В первом параграфе «Феномен религиозного преображения в русской культуре» утверждается, что определяющими модель мира категориями являются время и пространство. «Существенную взаимосвязь временных и пространственных отношений, художественно освоенных в литературе» М.М. Бахтин называет хронотопом. По мнению этого исследователя, хронотоп выражается в жанровых формах и всегда несет в себе ценностное значение. «Вертикальный хронотоп», по мнению М.М. Бахтина, полагает «вечное как уже сущее и как бы уже современное», при этом идеал мыслится в будущем (Царствие Небесное). А.Н. Ужанков отмечает особенность времени христианина: оно не ограничивается днем нынешним, остается открытым для будущего. Поскольку идеал уже задан, хронотоп героя выстраивается в рамках евангельской модели мира. «Общие места» житийной литературы, по мнению Т.Р. Руди, объясняются идеей «подражания Христу». При этом происходит символизация хронотопа. С.С.Аверинцев рассматривает художественный символ как динамическое явление, полагая, что он уже задан.

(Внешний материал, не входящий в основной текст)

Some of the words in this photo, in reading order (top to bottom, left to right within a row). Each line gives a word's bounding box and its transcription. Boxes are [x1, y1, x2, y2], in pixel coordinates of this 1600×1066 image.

Динамика личности героя определяется феноменом религиозного преображения, когда в его сознании одновременно существуют два образа: свой, несовершенный, греховный, и совершенный Образ Божий как цель, которую необходимо достигнуть. Таким образом, феномен религиозного преображения выражает категорию самосознания личности, но он также определяет и особенности поэтики литературного произведения. Наиболее ярко этот феномен воплощается в тех произведениях русской литературы, которые продолжают традиции древнерусской словесности. Летописание показывает осмысление исторических событий с точки зрения Замысла Божьего о совершенном мире. Житие раскрывает Образ Божий личности в ее земной жизни. Хождение (хожение) утверждает сознательное следование героя крестному пути Спасителя. Видение показывает Откровение, которое дается герою чистому сердцем. Исповедь несет осознание человеком своей греховной природы. Молитва устремляет человека к Богу, поскольку является отданием себя в волю Господа.

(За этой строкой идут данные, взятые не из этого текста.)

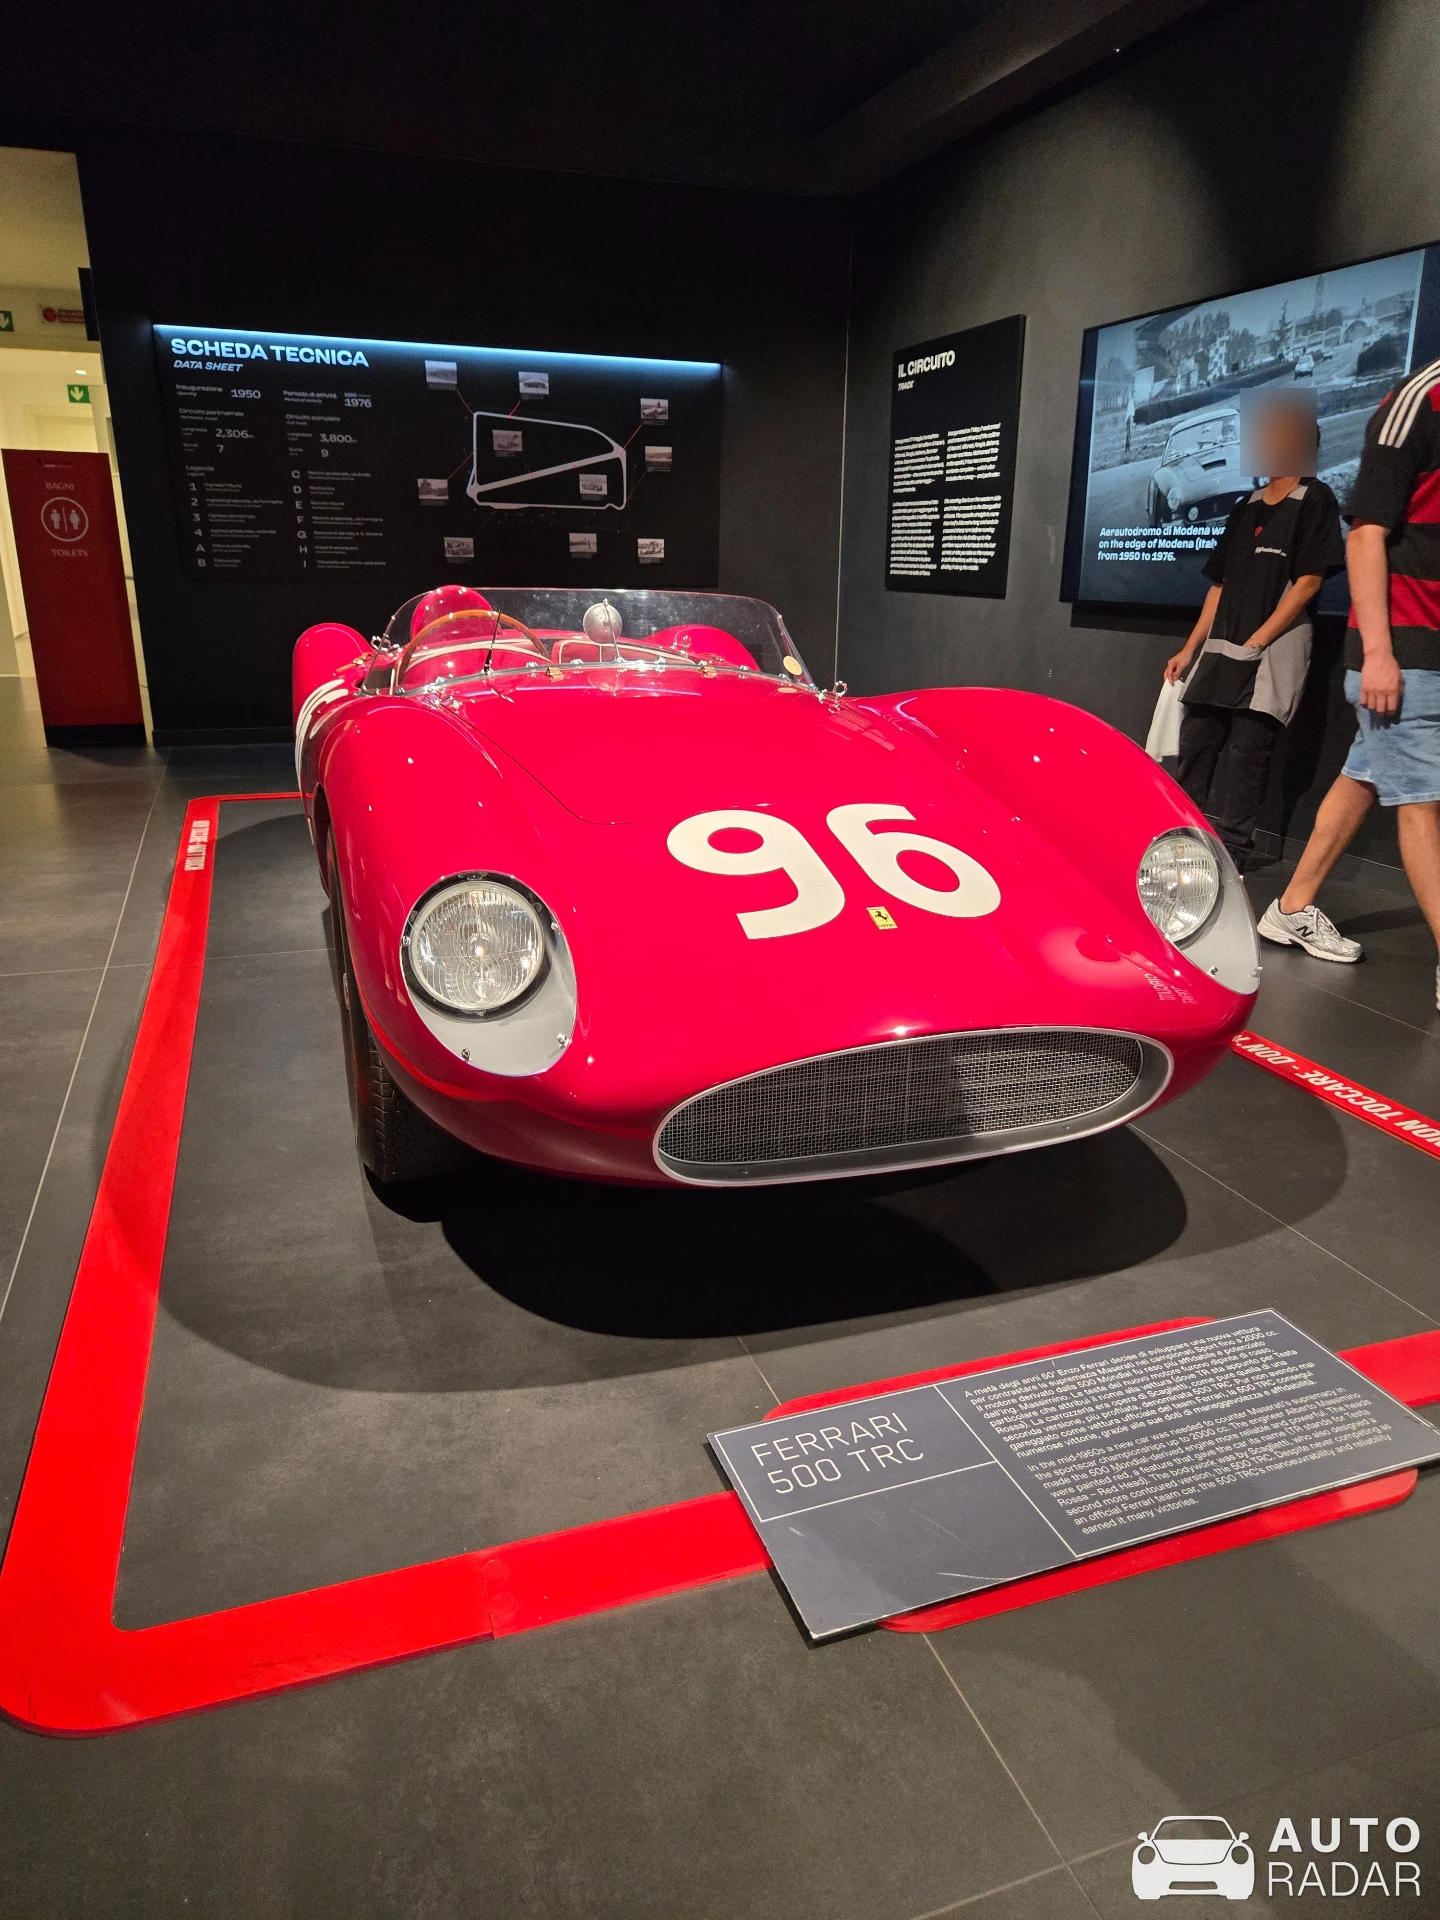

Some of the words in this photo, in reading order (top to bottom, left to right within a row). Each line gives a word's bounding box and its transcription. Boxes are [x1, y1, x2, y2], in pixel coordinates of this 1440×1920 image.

[171, 338, 268, 361] SCHEDA
[270, 345, 369, 368] TECNICA
[173, 360, 203, 370] DATA
[205, 362, 244, 372] SHEET
[898, 364, 906, 378] IL
[907, 350, 956, 376] CIRCUITO
[231, 389, 261, 399] 1950
[344, 398, 372, 408] 1976
[216, 444, 224, 453] 7
[321, 448, 329, 457] 9
[291, 470, 301, 479] C
[46, 482, 74, 491] BAGNI
[189, 482, 198, 491] 1
[293, 485, 302, 494] D
[295, 500, 304, 510] E
[194, 528, 203, 537] 4
[1100, 526, 1162, 537] Aerautodromo
[1163, 526, 1172, 536] di
[1173, 526, 1210, 536] Modena
[195, 543, 206, 552] A
[299, 545, 308, 554] H
[1099, 539, 1109, 548] on
[1111, 538, 1123, 548] the
[1125, 538, 1146, 550] edge
[1148, 538, 1157, 548] of
[1158, 538, 1194, 549] Modena
[50, 548, 88, 557] TOILETS
[1097, 551, 1118, 561] from
[1118, 551, 1140, 561] 1950
[1141, 551, 1150, 561] to
[1151, 551, 1176, 561] 1976.
[666, 803, 1001, 940] 96
[1296, 925, 1314, 938] N
[1294, 1069, 1404, 1120] TOCCARE
[1038, 1460, 1057, 1469] the
[1057, 1448, 1106, 1464] mid-1950s
[1114, 1441, 1134, 1450] new
[1134, 1436, 1150, 1445] car
[1150, 1431, 1170, 1440] was
[1170, 1422, 1204, 1435] needed
[1214, 1411, 1247, 1424] counter
[1291, 1390, 1337, 1404] supremacy
[751, 1412, 908, 1466] FERRARI
[1034, 1471, 1053, 1480] the
[1053, 1460, 1097, 1476] sportscar
[1099, 1442, 1166, 1464] championships
[1189, 1428, 1216, 1440] 2000
[1228, 1421, 1249, 1429] The
[1248, 1411, 1285, 1425] engineer
[1285, 1404, 1317, 1416] Alberto
[1315, 1393, 1361, 1407] Massimino
[1043, 1477, 1071, 1489] made
[1071, 1473, 1089, 1481] the
[1088, 1465, 1110, 1477] 500
[1110, 1447, 1184, 1471] Mondial-derived
[1184, 1439, 1215, 1452] engine
[1215, 1433, 1240, 1444] more
[1239, 1425, 1271, 1437] reliable
[1270, 1419, 1289, 1429] and
[1325, 1406, 1346, 1414] The
[1343, 1399, 1372, 1410] heads
[1050, 1487, 1075, 1497] were
[1076, 1476, 1112, 1493] painted
[1139, 1461, 1174, 1473] feature
[1173, 1454, 1195, 1465] that
[1194, 1449, 1217, 1461] gave
[1215, 1445, 1233, 1453] the
[1232, 1440, 1248, 1449] car
[1247, 1437, 1262, 1445] its
[1260, 1431, 1287, 1441] name
[1303, 1419, 1333, 1430] stands
[1331, 1415, 1346, 1423] for
[1343, 1409, 1370, 1419] Testa
[767, 1458, 841, 1494] 500
[847, 1439, 924, 1472] TRC
[1057, 1494, 1089, 1507] Rossa
[1096, 1485, 1119, 1496] Red
[1148, 1472, 1170, 1481] The
[1169, 1459, 1218, 1476] bodywork
[1216, 1454, 1236, 1464] was
[1291, 1434, 1312, 1443] who
[1312, 1429, 1331, 1438] also
[1330, 1418, 1370, 1433] designed
[1066, 1500, 1102, 1516] second
[1102, 1494, 1129, 1506] more
[1129, 1480, 1178, 1498] contoured
[1213, 1466, 1232, 1475] the
[1230, 1459, 1252, 1470] 500
[1273, 1445, 1310, 1458] Despite
[1309, 1439, 1334, 1449] never
[1334, 1427, 1382, 1444] competing
[1088, 1506, 1122, 1521] official
[1121, 1497, 1155, 1511] Ferrari
[1154, 1491, 1181, 1502] team
[1198, 1481, 1217, 1490] the
[1215, 1474, 1237, 1485] 500
[1265, 1449, 1336, 1471] manoeuvrability
[1335, 1443, 1354, 1453] and
[1352, 1434, 1392, 1448] reliability
[1082, 1518, 1117, 1534] earned
[1126, 1509, 1155, 1522] many

Религиозное преображение человека развернуто во времени в жанре кризисного жития, которое выделяется, по мнению М.М. Бахтина, из агиографической литературы тем, что в нем дается два образа героя: образ несовершенного человека и праведника, после перерождения. Здесь наблюдается концентрация времени на исключительных событиях в жизни героя, осмысление которых заставляет героя приступить к «построению нового образа очищенного и перерожденного». К жанру кризисного жития тяготел Ф.М. Достоевский, мечтающий создать «Житие великого грешника».
Второй параграф «Учение Отцов Церкви как один из источников творчества русских писателей XVI-XIX вв.» раскрывает святоотеческое учение о преображении личности в сочинениях, которые читали Н.В. Гоголь, Ф.М. Достоевский и другие писатели. Основные положения этого учения содержатся в трудах Иоанна Лествичника, Исаака Сирина, Иоанна Дамаскина, Симеона Нового Богослова, Нила Сорского, Тихона Задонского. Особое внимание уделяется тем трудам, о которых не писали исследователи. «Беседа на 6-ой псалом святого Анастасия Синаита», например, была в библиотеке Ф.М. Достоевского. Анастасий Синаит, опираясь на труды Платона и Аристотеля, объясняет притчу о блудном сыне внутренней противоречивостью человека, которая возникла после грехопадения, и подчеркивает, что преображение является результатом действия внутренней силы. Стяжание благодати, по святоотеческому учению, невозможно без смирения.
В третьем параграфе «Феномен преображения в древнерусской словесности XV-XVI веков» особое внимание уделяется тем произведениям русской словесности, где ярко раскрывается христианская антропология. А.В. Часовникова отмечает такую особенность христианского мироощущения как прообразовательное мышление. Восхождение к прообразу в христианском искусстве может осуществляться двумя путями: через образы - священные изображения, овеществляющие внешнее сходство Божественных и небесных лиц и предметов, через знамения – изображения, которые передают духовное значение Божественных истин, не изображая их непосредственно.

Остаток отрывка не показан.